Hi, Prachi here for another review

Grammar

“Goodbye sun…” the ball of gas descends beneath the fucking mountain because fuck my life I can’t have one god damn sunset on a lake before summer ends. Ashburrow, West Virginia: middle of fucking no where USA,

*nowhere, USA,

Have you lost weight, you look so different since the last time I saw you.

*since,

A smile lifted the right corner of my mouth, thankfully the side facing him because it meant he could stop now. He chuckled to himself and stared off at the purple hued clouds.

*purple-hued

“You got school in the morning—first day of school eh? Gotta take a picture before you get on the school bus like when you was in kindergarten.”

*were

In all fairness, it was a relief to be at a different school for the last year. I thought I had to stick it out for another 180 days of Lacrosse Jeremy’s stupid feet on my seat before eighth period leaving clods of dirt on my chair and Bethany Breath of a Horseradish calling me Louise cause

*eighth-period

Shut the fuck up Bethany; a half asleep twenty something year old woman who spent nine hours pushing me out of a uterus named me Louise and she don’t know jack shit about me. Just cause she was a fucking “chosen” don’t mean she knows anything about naming a seven pound sack of bones.

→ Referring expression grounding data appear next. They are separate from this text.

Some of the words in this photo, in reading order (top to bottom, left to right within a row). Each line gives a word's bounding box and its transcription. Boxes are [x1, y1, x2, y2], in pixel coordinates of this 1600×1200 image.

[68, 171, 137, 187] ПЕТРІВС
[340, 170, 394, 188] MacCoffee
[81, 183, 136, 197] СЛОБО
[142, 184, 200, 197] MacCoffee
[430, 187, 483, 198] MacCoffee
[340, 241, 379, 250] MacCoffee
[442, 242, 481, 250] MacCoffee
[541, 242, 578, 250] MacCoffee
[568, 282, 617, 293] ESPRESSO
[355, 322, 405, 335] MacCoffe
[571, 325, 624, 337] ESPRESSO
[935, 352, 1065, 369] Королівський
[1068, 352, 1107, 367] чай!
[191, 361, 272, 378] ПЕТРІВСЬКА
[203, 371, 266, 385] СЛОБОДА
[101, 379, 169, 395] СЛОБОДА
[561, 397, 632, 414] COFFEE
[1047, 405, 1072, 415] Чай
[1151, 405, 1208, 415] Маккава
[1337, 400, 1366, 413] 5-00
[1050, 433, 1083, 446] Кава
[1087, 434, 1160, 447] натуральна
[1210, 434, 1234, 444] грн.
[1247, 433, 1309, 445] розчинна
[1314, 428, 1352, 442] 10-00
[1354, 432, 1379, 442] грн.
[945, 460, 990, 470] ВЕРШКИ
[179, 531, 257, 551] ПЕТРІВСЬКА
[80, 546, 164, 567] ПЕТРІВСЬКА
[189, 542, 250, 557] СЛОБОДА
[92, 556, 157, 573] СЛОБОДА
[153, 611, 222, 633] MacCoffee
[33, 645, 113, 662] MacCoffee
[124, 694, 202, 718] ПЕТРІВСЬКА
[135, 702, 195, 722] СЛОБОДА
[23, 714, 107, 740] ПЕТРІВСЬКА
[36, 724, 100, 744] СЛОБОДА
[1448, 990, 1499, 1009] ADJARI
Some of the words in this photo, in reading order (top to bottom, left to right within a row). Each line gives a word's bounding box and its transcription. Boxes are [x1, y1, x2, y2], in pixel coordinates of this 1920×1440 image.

*half-asleep, twenty-something-year-old
*didn't
*seven-pound

I loosened my grip on the grass. “Yeah I’m fine.”

*yeah,

“You know, if you had quit the team, you might of had time to study once in a while instead of leaning on me for all your notes.”

*have

In my lucid moments I tend to avoid any place who’s main sensations include vibration pulsing through my bones and horrible claustrophobia.

*moments

I was shaken from the pretense of the vision, loosing any faint reasoning of how I got here. Here being almost in the front row of what looked like an outdoor concert stage being absolutely dominated by a band of butch lesbians in ripped up flannels and rings of eyeliner.

*pretence
*losing

Still a crescent, and the moon was waning, so it can’t be more than a week or its an entirely different moon cycle.

*still,

And with that pronouncement he thrust himself off the swing and stumbled to a glorious standing position.

*pronouncement,

He laughed again, but obviously he didn’t get the extent of my joke.

*obviously,

Were’d they dig you up from?”

*where'd

They had a boy cut, an over sized lavender T-shirt, cargo shorts, and tall socks wedged into white converses. Each element said boy to me, but I wasn’t there to argue. In all honesty I had never even heard of someone using those pronouns, I didn’t know what… they were supposed to look like.

*oversized
*honestly,

“Well that just makes you a wuss.

*Well,

Now, your story, it is amazing. This chapter is longer than the previous one, and also has more grammar mistakes. I'd say work on that.

Overall
Liked it, and will be looking forward to more of your work.